In the copy, keep every line below as it is and leave out the pictures.

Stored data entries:
=====

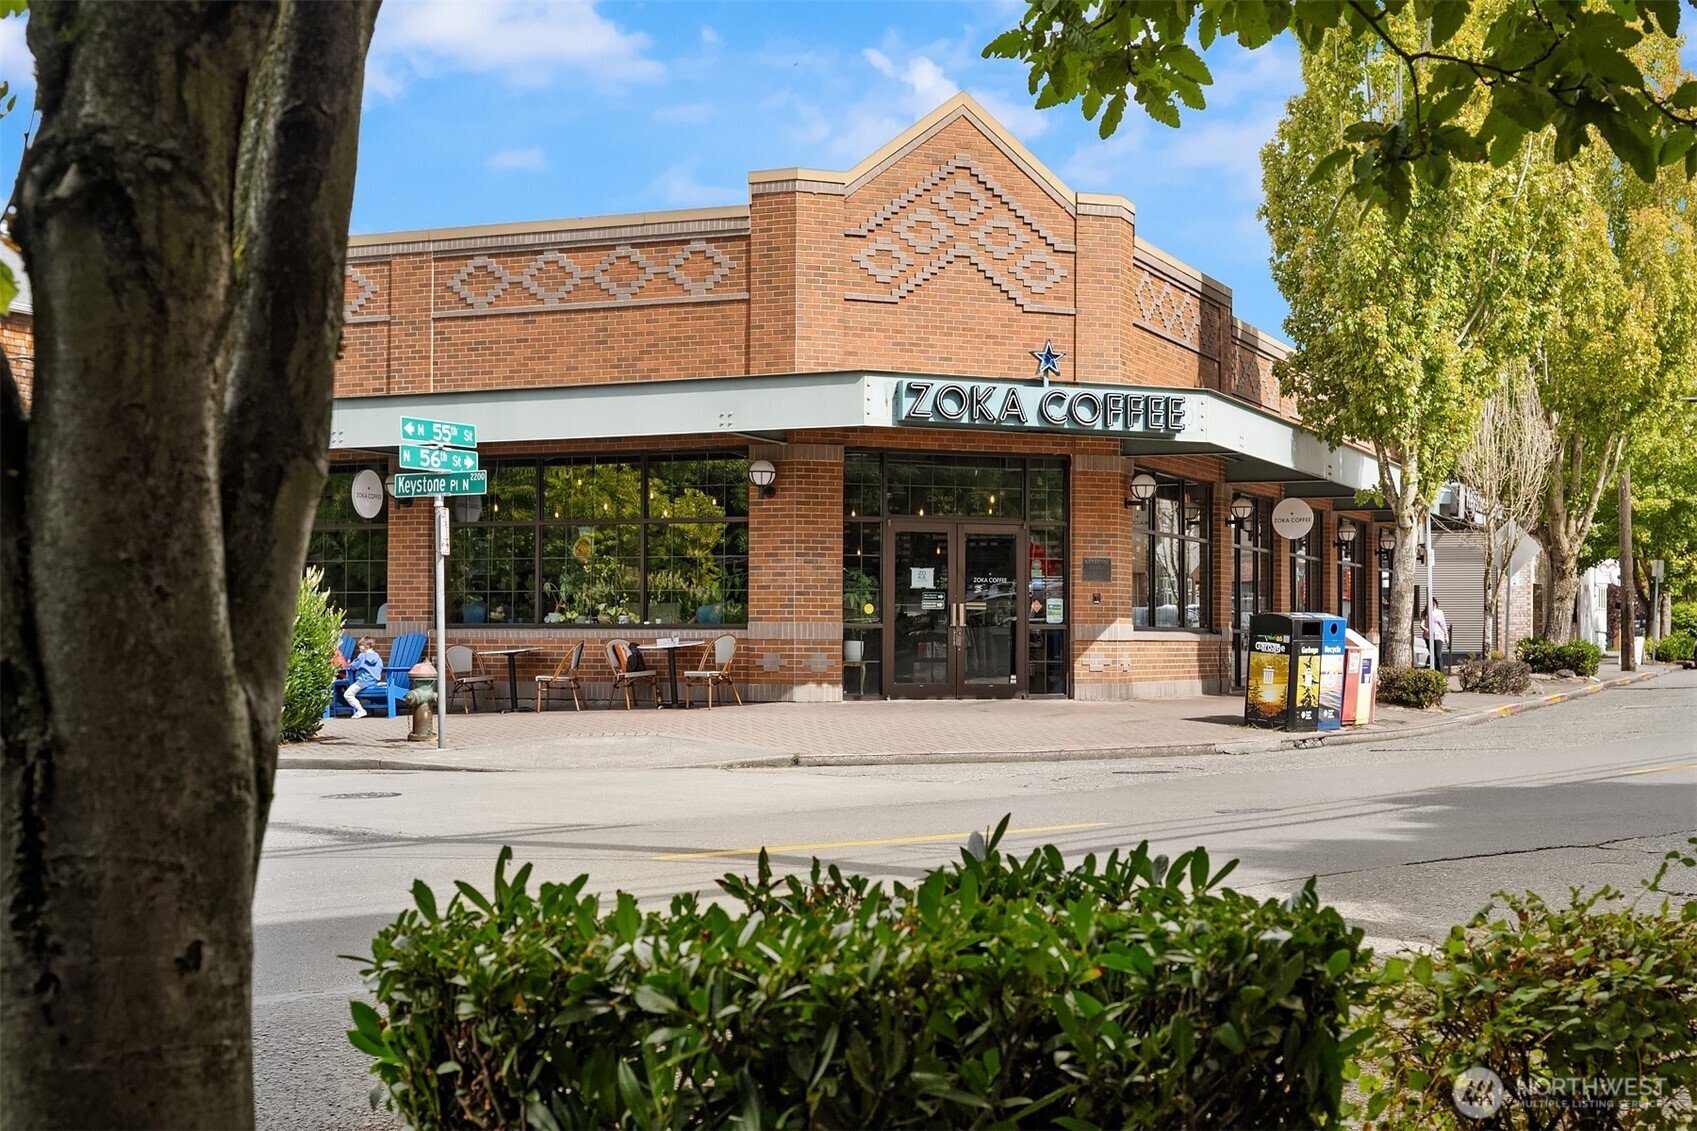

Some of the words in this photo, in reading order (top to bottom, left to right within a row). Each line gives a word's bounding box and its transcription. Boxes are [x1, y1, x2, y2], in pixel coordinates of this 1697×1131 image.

[907, 382, 1028, 424] ZOKA
[1040, 390, 1186, 431] COFFEE
[417, 424, 425, 436] N
[432, 423, 458, 441] 55th
[463, 429, 474, 442] St
[403, 449, 411, 462] N
[419, 449, 448, 468] 56th
[452, 455, 462, 467] St
[470, 473, 485, 481] 2200
[398, 476, 446, 495] Keystone
[450, 480, 459, 491] Pl
[462, 479, 469, 491] N
[1255, 641, 1286, 654] Garbage
[1301, 646, 1319, 655] Garbage
[1324, 645, 1342, 655] Recycle
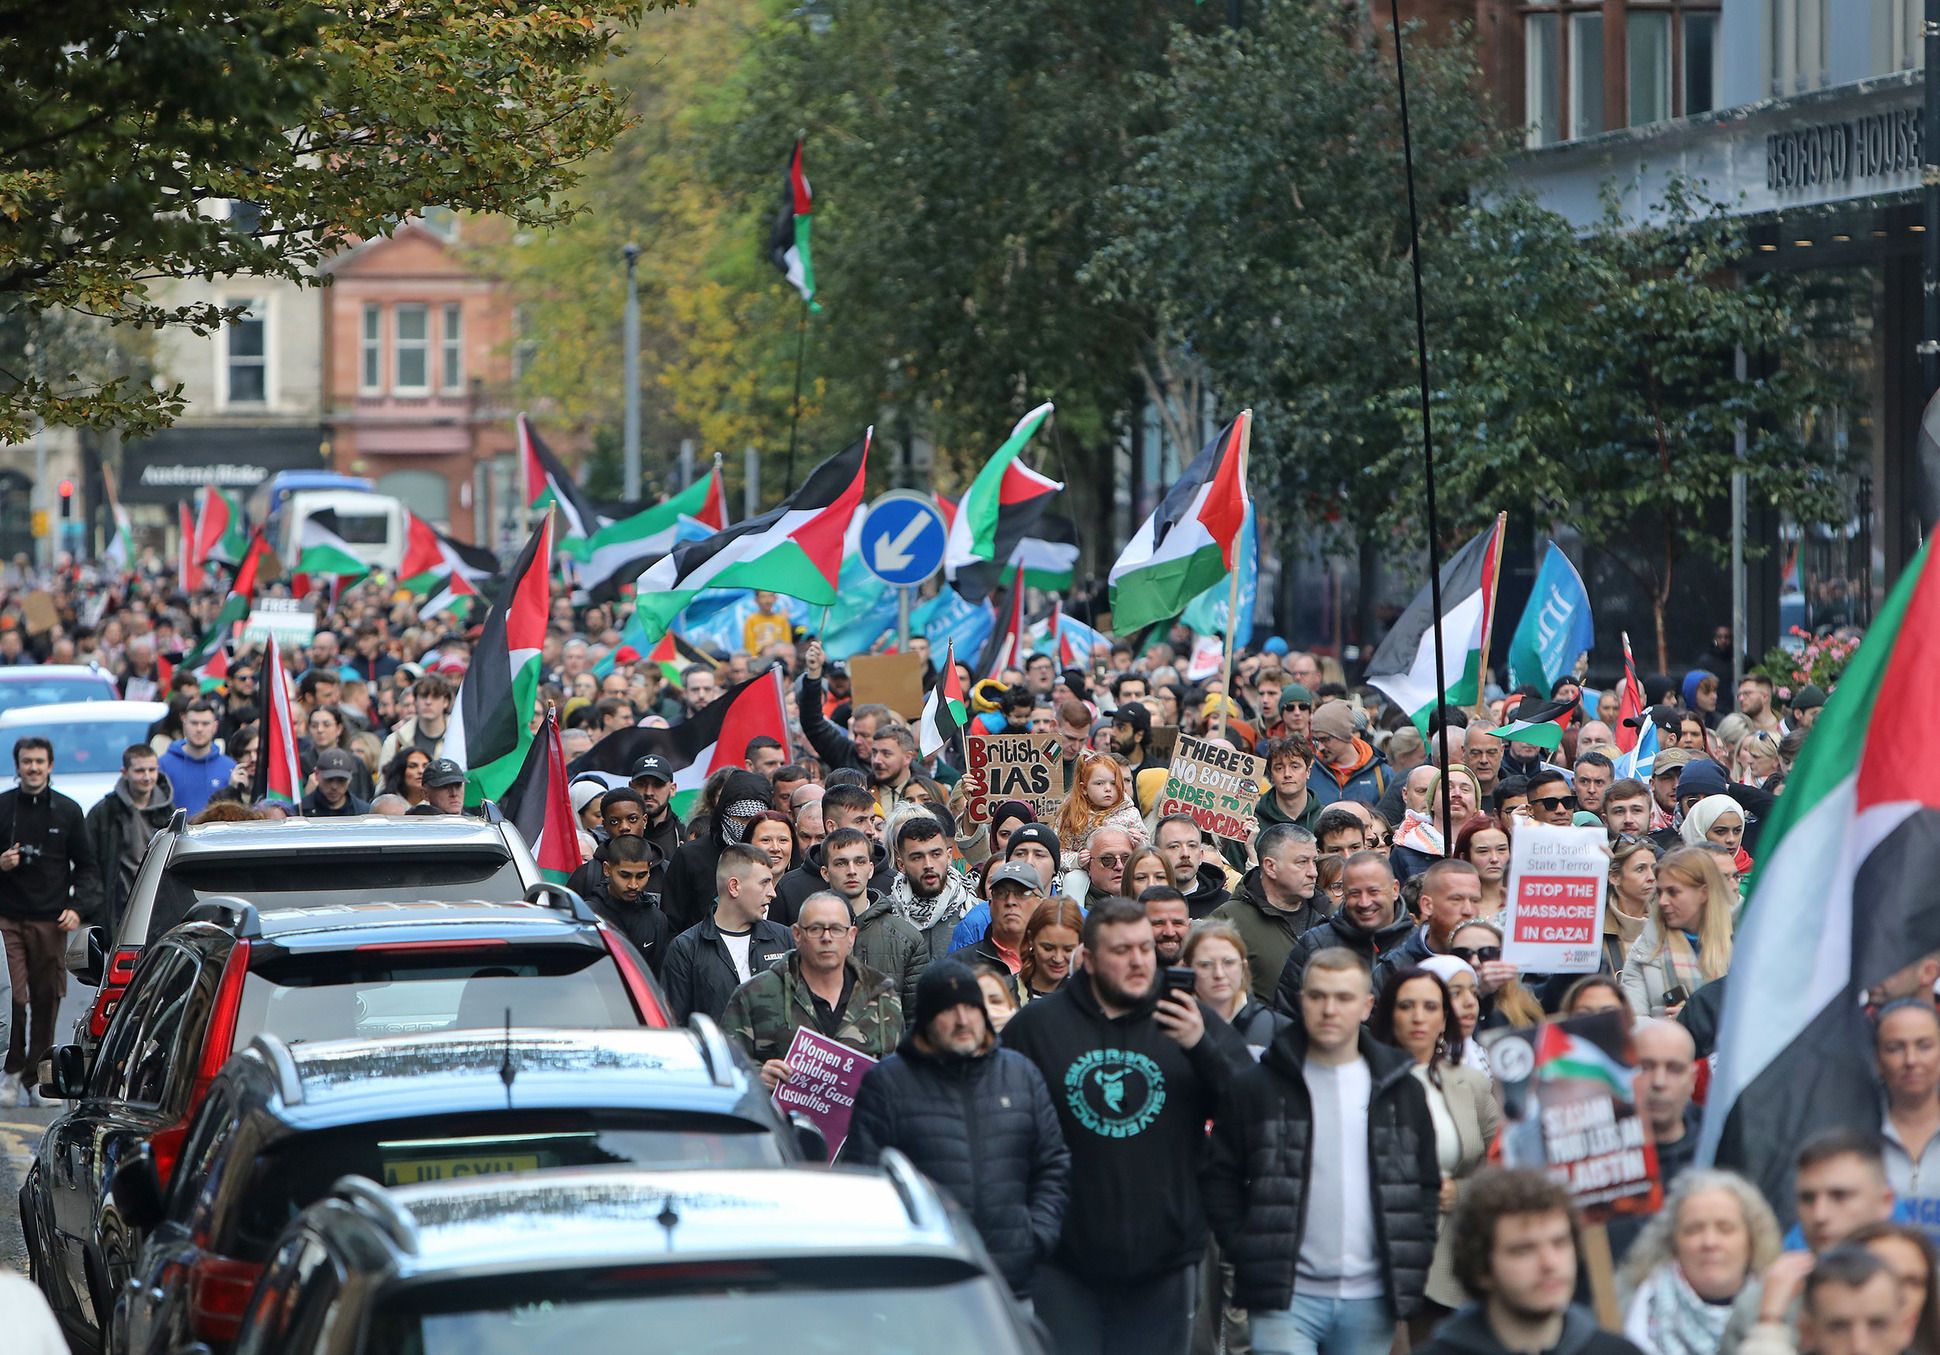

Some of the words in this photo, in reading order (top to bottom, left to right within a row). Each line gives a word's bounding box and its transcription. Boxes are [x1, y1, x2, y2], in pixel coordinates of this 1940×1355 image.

[1767, 122, 1848, 190] BEDFORD
[1857, 107, 1921, 177] HOUSE
[261, 598, 299, 612] FREE
[968, 737, 1040, 768] British
[1179, 736, 1255, 776] THERE'S
[970, 764, 1050, 797] BIAS
[1170, 757, 1197, 784] NO
[1199, 767, 1241, 794] BOTH
[1166, 777, 1216, 810] SIDES
[1220, 795, 1240, 811] TO
[1241, 802, 1253, 817] A
[1533, 842, 1554, 855] End
[1528, 860, 1557, 871] State
[1561, 860, 1594, 872] Terror
[1526, 883, 1563, 897] STOP
[1567, 884, 1594, 898] THE
[1518, 904, 1595, 918] MASSACRE
[1523, 926, 1540, 939] IN
[1543, 927, 1589, 941] GAZA!
[790, 1053, 839, 1085] Children
[797, 1035, 842, 1069] Women
[842, 1057, 855, 1073] &
[778, 1083, 831, 1114] Casualties
[810, 1082, 828, 1095] of
[825, 1086, 855, 1108] Gaza
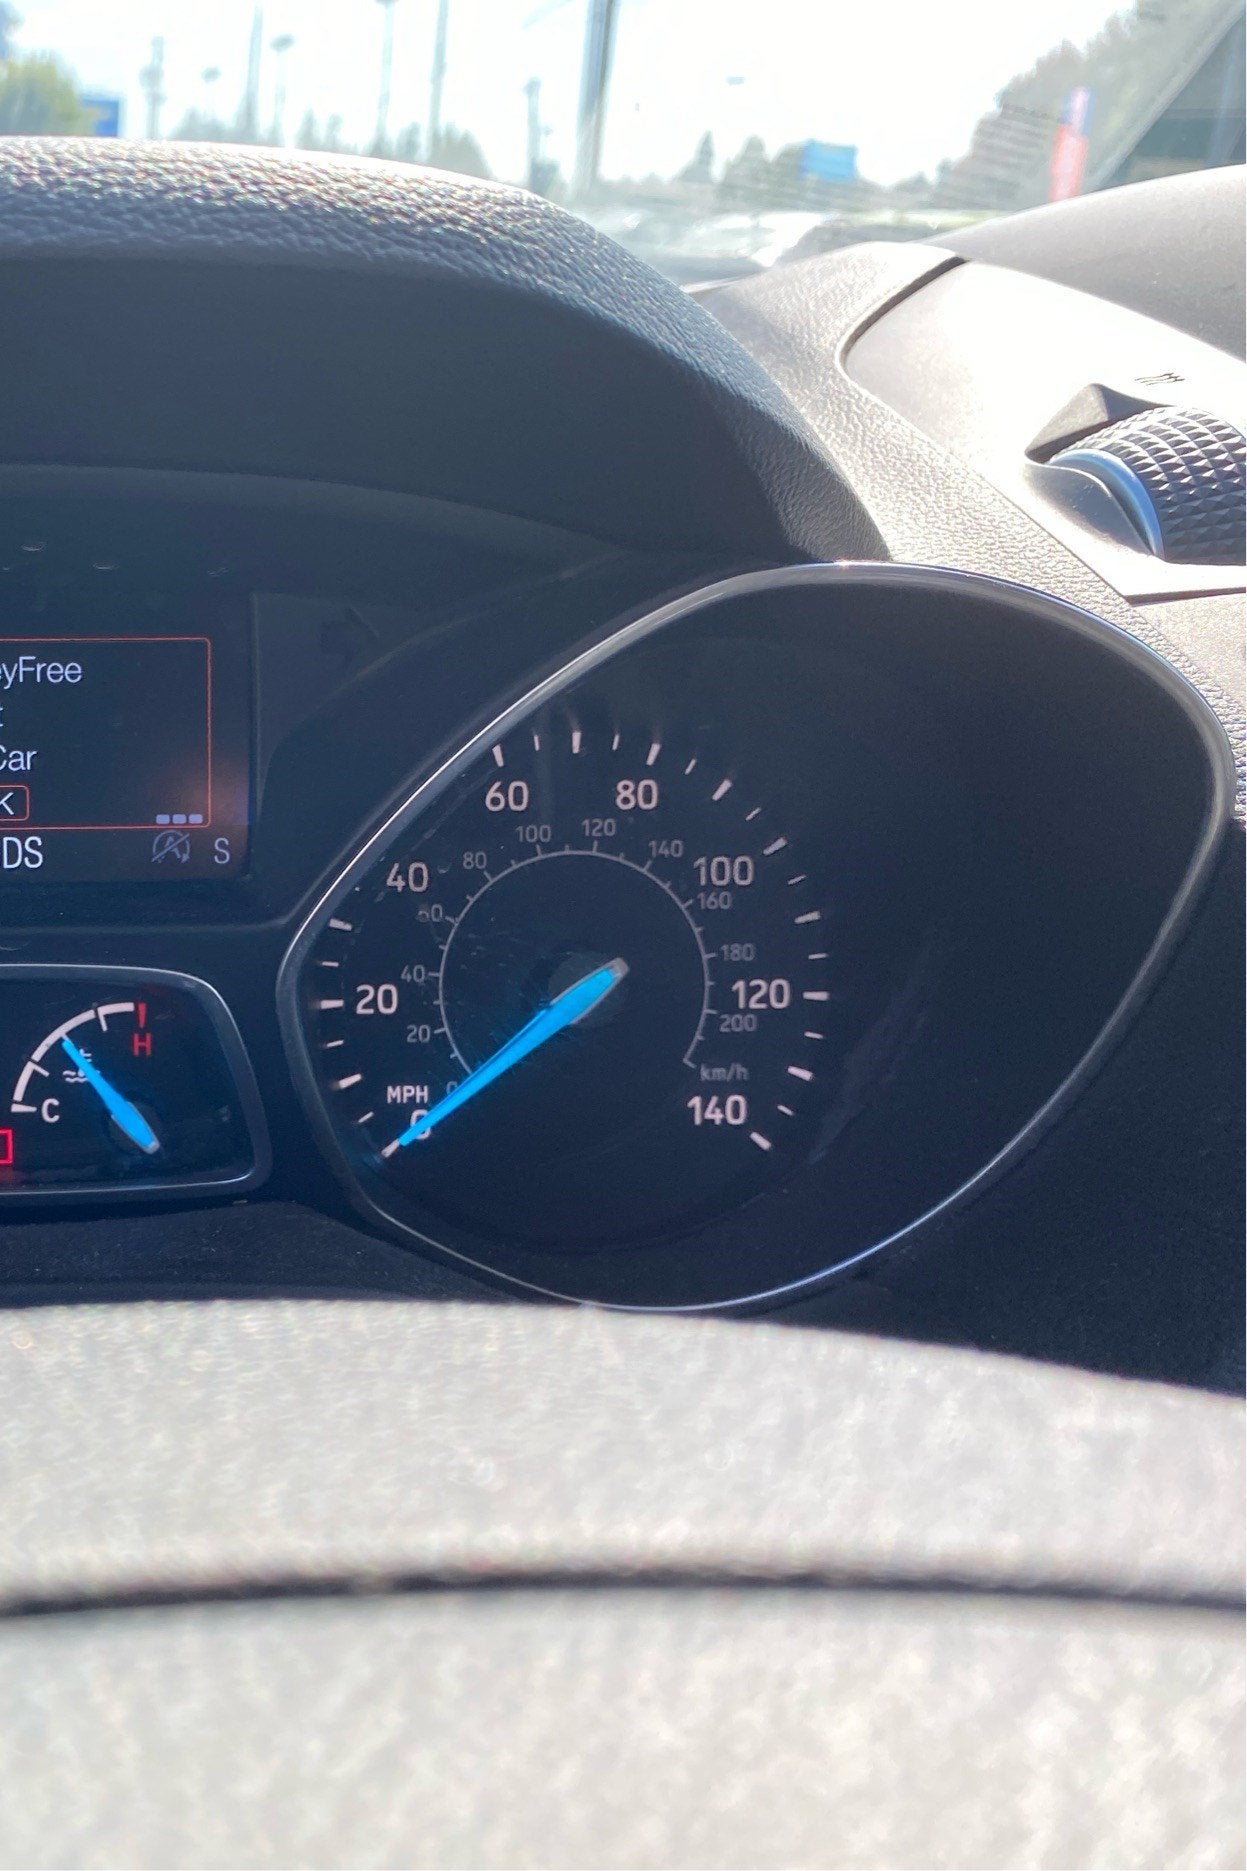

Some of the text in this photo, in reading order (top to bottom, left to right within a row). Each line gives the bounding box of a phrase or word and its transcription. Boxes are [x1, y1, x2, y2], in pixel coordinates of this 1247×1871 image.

=====

Answer to this problem -
Some of the words in this photo, in reading order (top to bottom, left to right within a row). Each line gives a word's bounding box and its transcription. Boxes are [x1, y1, x2, y2], in pixel coordinates of this 1697×1131 image.

[907, 382, 1028, 424] ZOKA
[1040, 390, 1186, 431] COFFEE
[417, 424, 425, 436] N
[432, 423, 458, 441] 55th
[463, 429, 474, 442] St
[403, 449, 411, 462] N
[419, 449, 448, 468] 56th
[452, 455, 462, 467] St
[470, 473, 485, 481] 2200
[398, 476, 446, 495] Keystone
[450, 480, 459, 491] Pl
[462, 479, 469, 491] N
[1255, 641, 1286, 654] Garbage
[1301, 646, 1319, 655] Garbage
[1324, 645, 1342, 655] Recycle

Some of the words in this photo, in reading order (top to bottom, left to right within a row). Each line gives a word's bounding box and its transcription. Boxes are [x1, y1, x2, y2], in pixel coordinates of this 1940×1355 image.

[1767, 122, 1848, 190] BEDFORD
[1857, 107, 1921, 177] HOUSE
[261, 598, 299, 612] FREE
[968, 737, 1040, 768] British
[1179, 736, 1255, 776] THERE'S
[970, 764, 1050, 797] BIAS
[1170, 757, 1197, 784] NO
[1199, 767, 1241, 794] BOTH
[1166, 777, 1216, 810] SIDES
[1220, 795, 1240, 811] TO
[1241, 802, 1253, 817] A
[1533, 842, 1554, 855] End
[1528, 860, 1557, 871] State
[1561, 860, 1594, 872] Terror
[1526, 883, 1563, 897] STOP
[1567, 884, 1594, 898] THE
[1518, 904, 1595, 918] MASSACRE
[1523, 926, 1540, 939] IN
[1543, 927, 1589, 941] GAZA!
[790, 1053, 839, 1085] Children
[797, 1035, 842, 1069] Women
[842, 1057, 855, 1073] &
[778, 1083, 831, 1114] Casualties
[810, 1082, 828, 1095] of
[825, 1086, 855, 1108] Gaza

Some of the text in this photo, in reading order (top to bottom, left to right within a row). Each line gives the bounding box of a phrase or word and its transcription. Boxes are [x1, y1, x2, y2], in pixel coordinates of this 1247×1871 image.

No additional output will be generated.